Positivese, Negativese, and Neutralese

For clearer, wiser thinking, master these three languages.

One can't be a clear thinker until one recognizes clear thinking's biggest distraction, the need to feel right and righteous.

To think well we have to get over ourselves. Otherwise, we bend toward, and cling to ideas that make us feel good about ourselves rather than risking exploration of those, sometimes truer ideas that don't.

Truth waits for eyes unclouded by longing, most especially the longing to feel right and righteous.

To remove the distraction of self-flattery we must cultivate the power of neutral thinking in a world rich in loaded language. You already know the term “euphemism” language that puts a positive spin on things, for example saying, “my son is exploring life in a structured environment” instead of “my son is in prison.”

But chances are you don’t know its opposite, “dysphemism,” language that puts a negative spin on things, for example saying “You’re uncaring,” instead of “You prefer to concentrate your attentions elsewhere.” Uncaring is a shaming way of describing the behavior.

Conversations, arguments and private thoughts degenerate when they’re tossed and turned on a stormy sea of euphemism and dysphemism or what I’ll call positivese and negativese.

When we calm these seas with neutral language we see reality better, reflected on the smooth waters of neutralese, level-playing-field language that describes with neither positive nor negative connotations smuggled in.

How best to calm the seas? Not by pledging to stay neutral, but by getting very good at distinguishing positivese, negativese and neutralize, good enough that you can spot loaded language on the fly and neutralize it by translating it into its opposite.

For example:

You’re stubborn (or steadfast).

She’s bossy (or standing up for herself).

He’s wishy washy (or flexible).

I’m discerning (or picky).

I’m committed (or addicted).

I’m empowered (or indulgent).

Waves can cancel each other out. When a crest meets a trough they neutralize each other. The same goes for language. Language that interprets a behavior as high minded and virtuous can be neutralized with language that interprets the same behavior as lowly and bad. And visa versa.

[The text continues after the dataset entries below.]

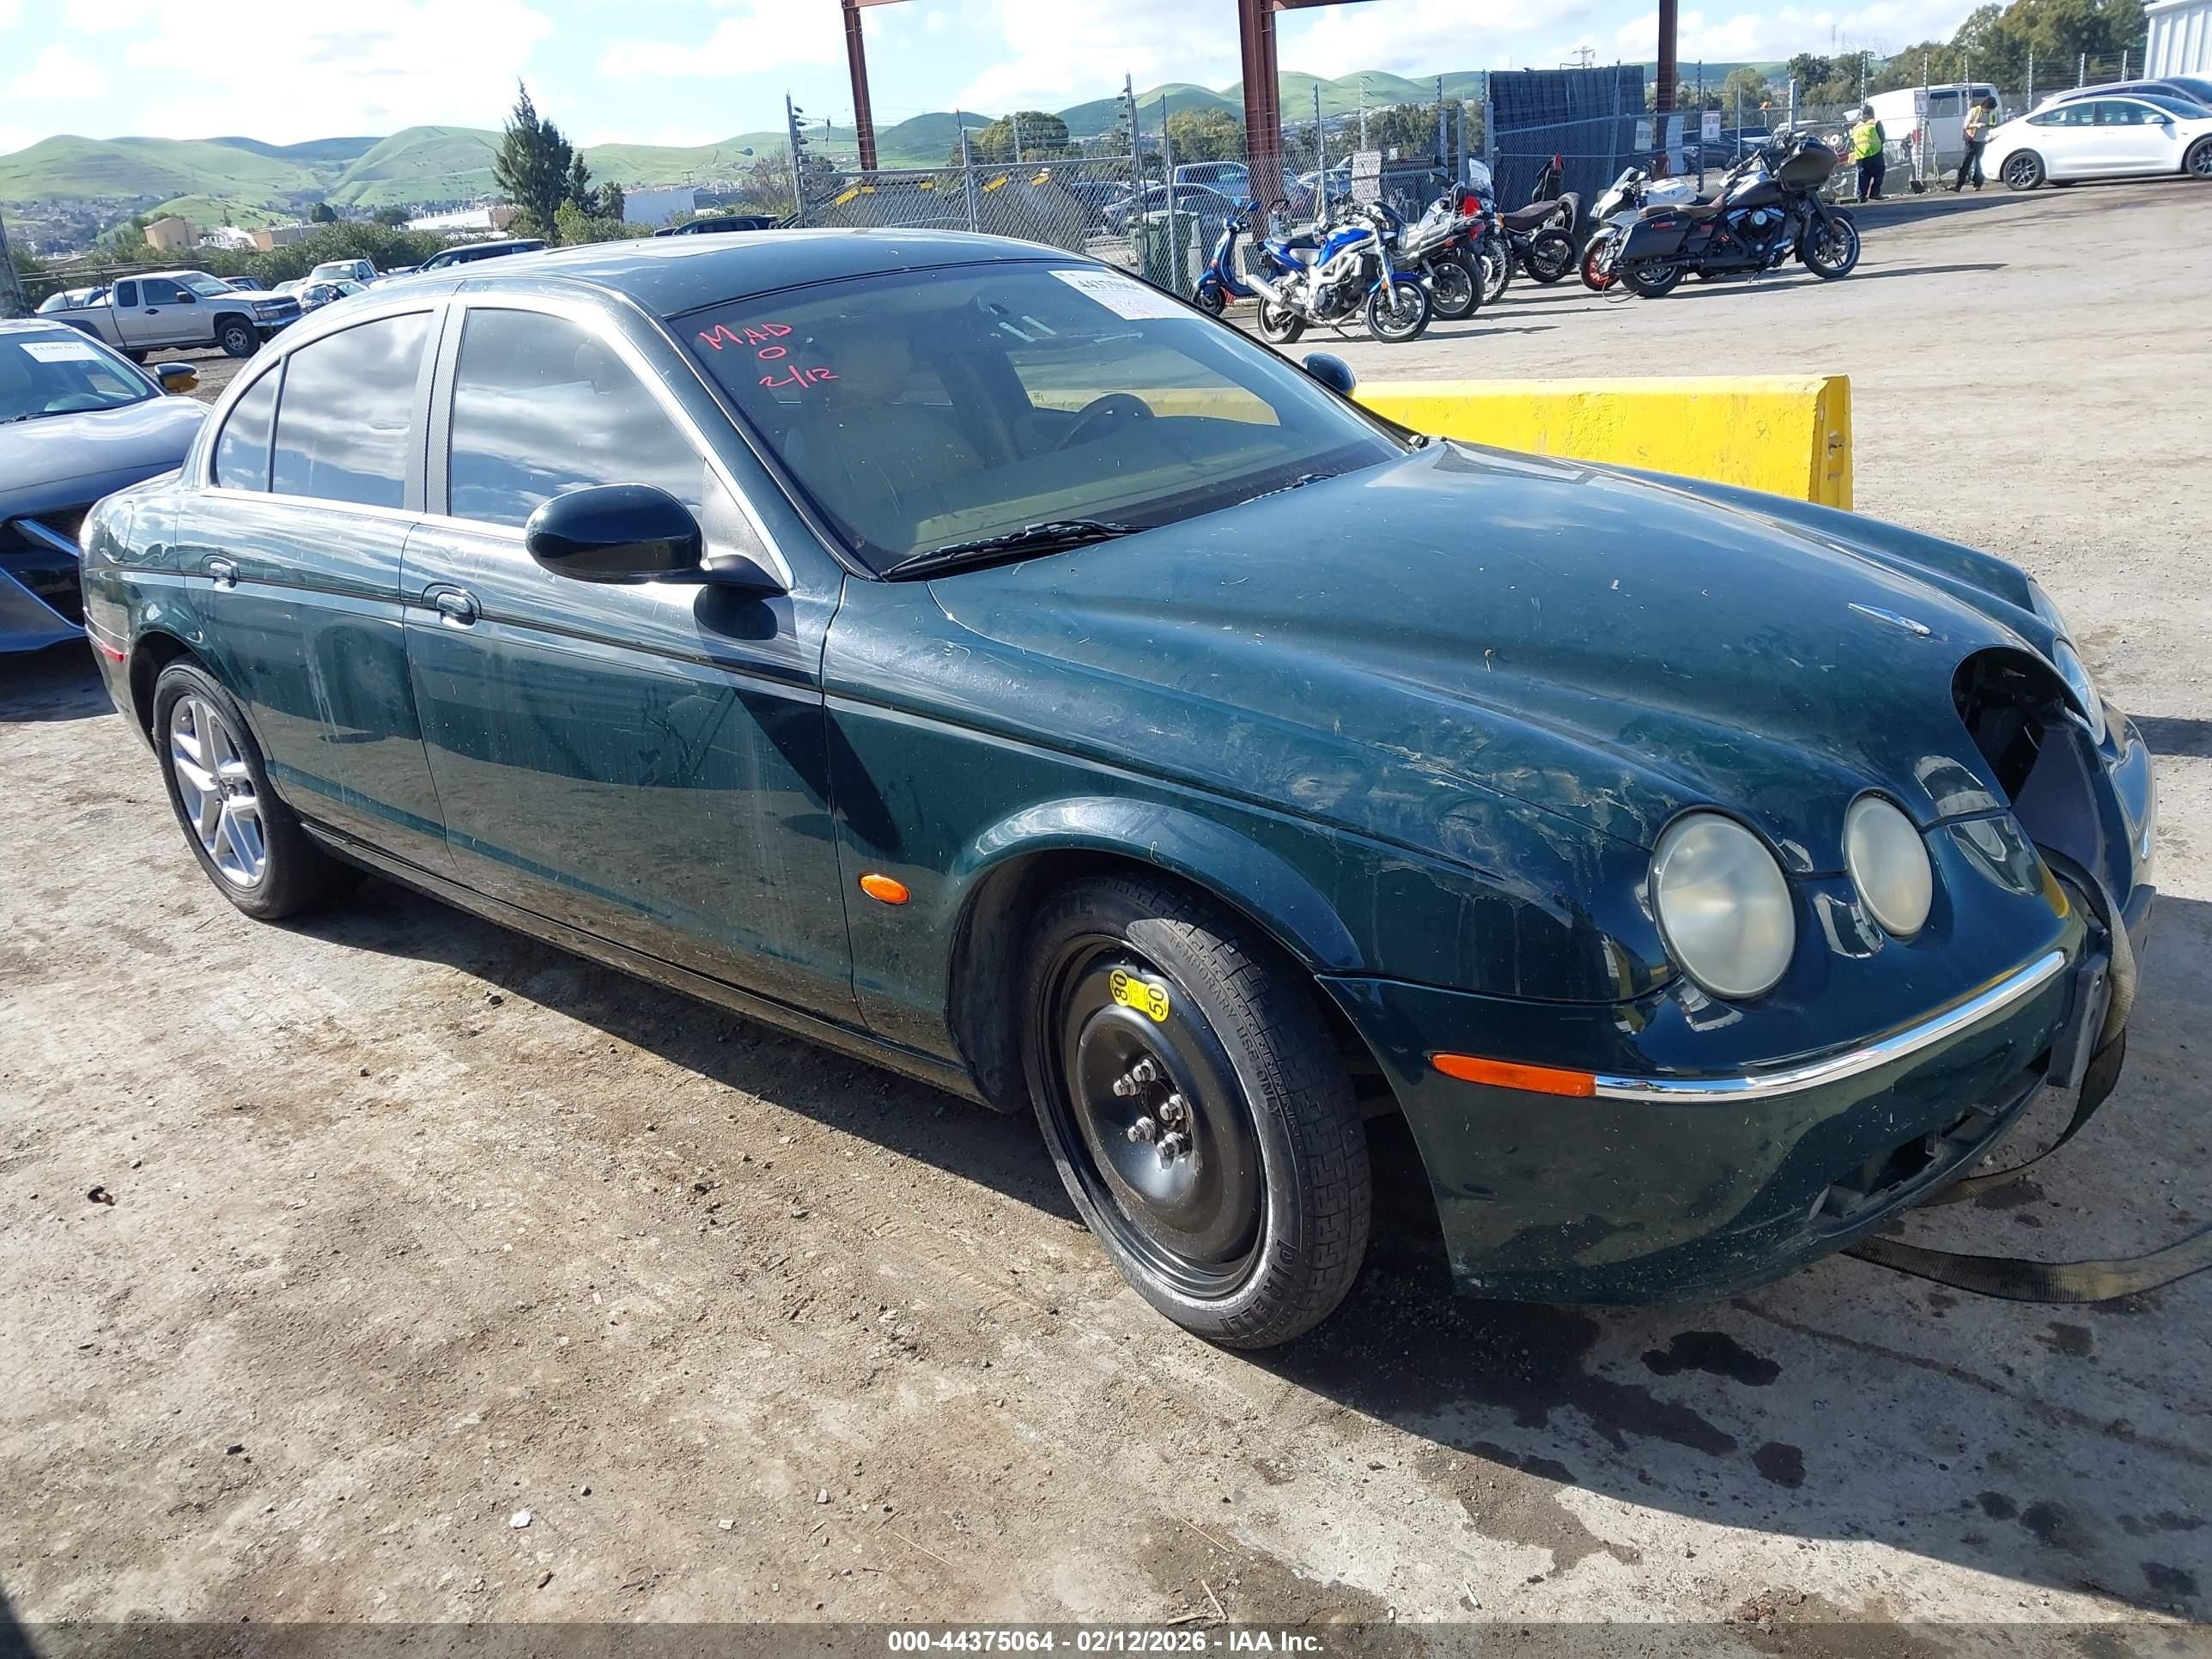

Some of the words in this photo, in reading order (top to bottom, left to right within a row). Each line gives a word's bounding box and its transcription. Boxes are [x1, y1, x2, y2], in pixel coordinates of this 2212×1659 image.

[758, 365, 840, 389] 2/12
[1113, 973, 1128, 1002] 80
[1147, 987, 1165, 1018] 50
[1236, 1025, 1261, 1063] USE
[1256, 1069, 1282, 1116] ONLY
[1218, 1237, 1298, 1336] PIRELLI

Most people are pretty good at neutralizing negative language directed at them:

“I’m not dishonest, I’m just diplomatic.”

“I’m not egotistical, I just feel good about myself.”

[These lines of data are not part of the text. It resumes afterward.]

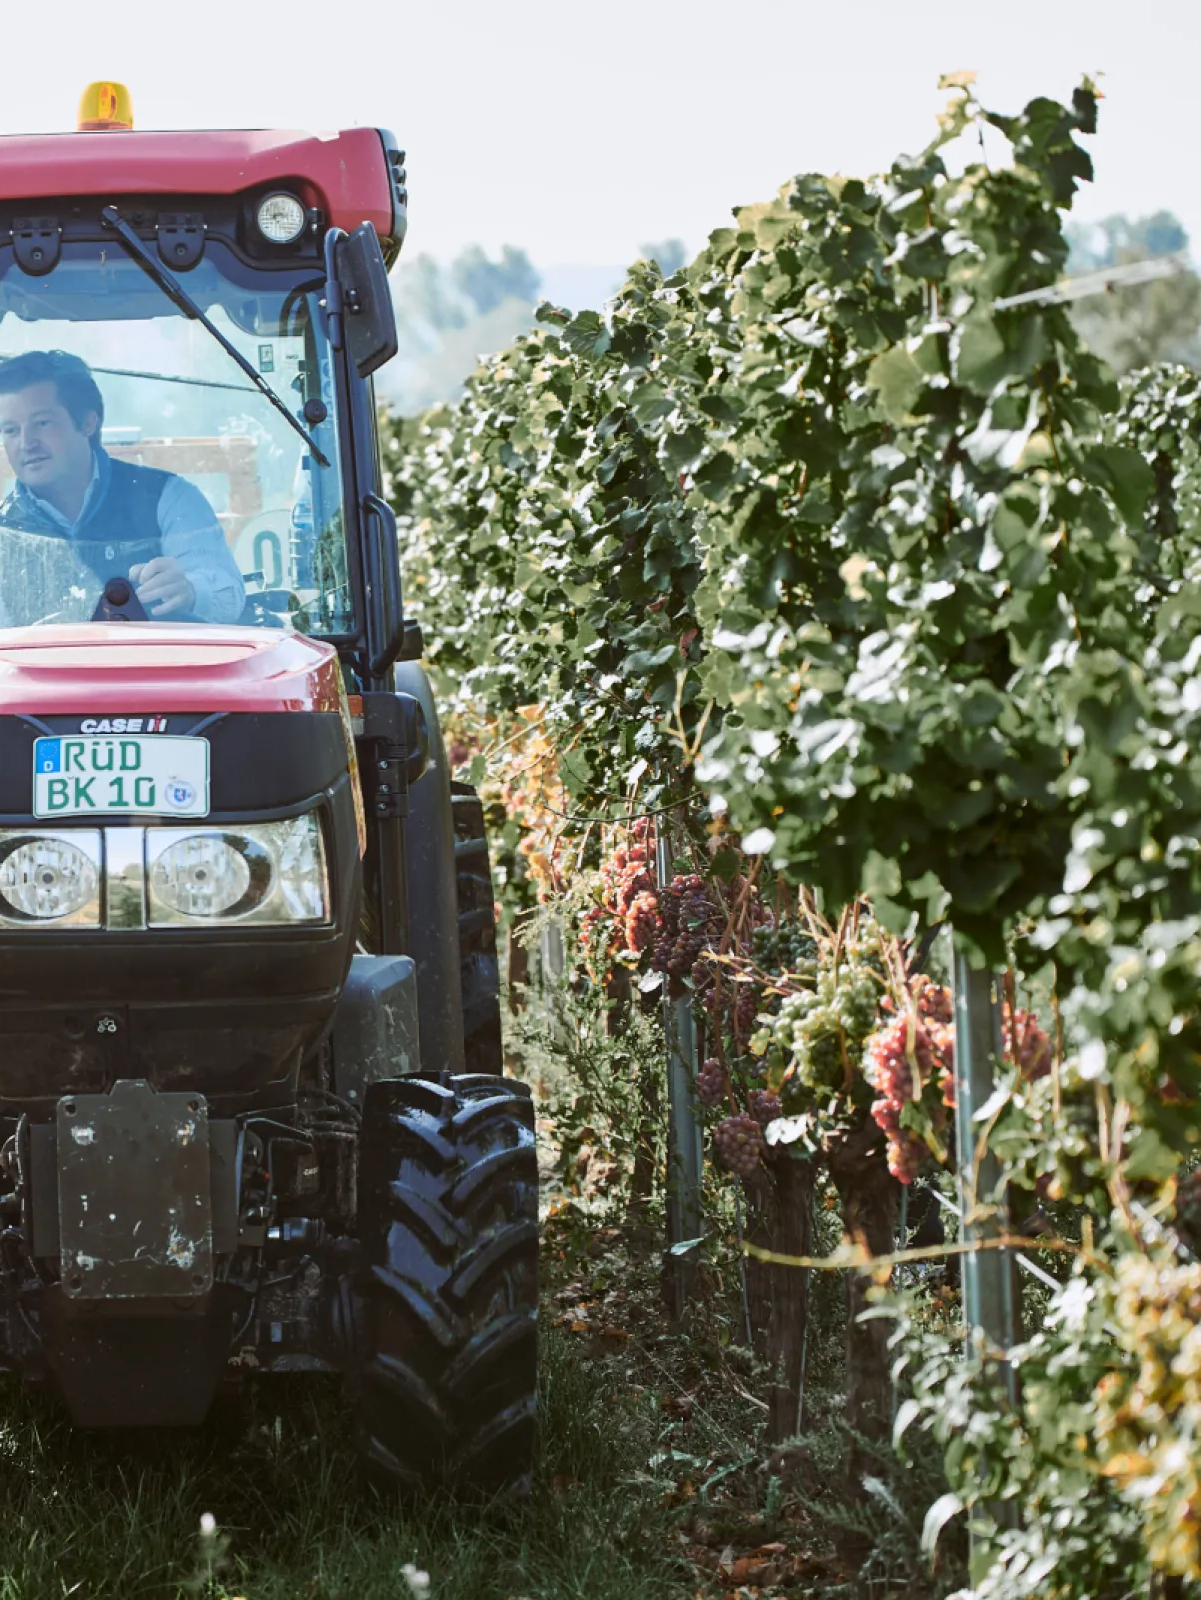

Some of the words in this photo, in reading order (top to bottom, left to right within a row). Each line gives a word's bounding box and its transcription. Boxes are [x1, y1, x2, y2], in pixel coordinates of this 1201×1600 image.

[80, 718, 143, 734] CASE
[43, 761, 54, 772] D
[64, 741, 141, 772] RÜD
[47, 776, 96, 810] BK
[107, 776, 155, 807] 10

But we’re generally bad at neutralizing even-handedly. We spin and unspin self-servingly:

I’m diplomatic; he’s dishonest.

He’s greedy, I’m ambitious.

Cultivate an instant thesaurus in your mind, so you can translate readily from positive to negative to neutral not just self-servingly, but truth-servingly, neutralizing the tendency to lead and be lead by the nose to believe the spin we smuggle in to our arguments to maintain our sense of being right and righteous.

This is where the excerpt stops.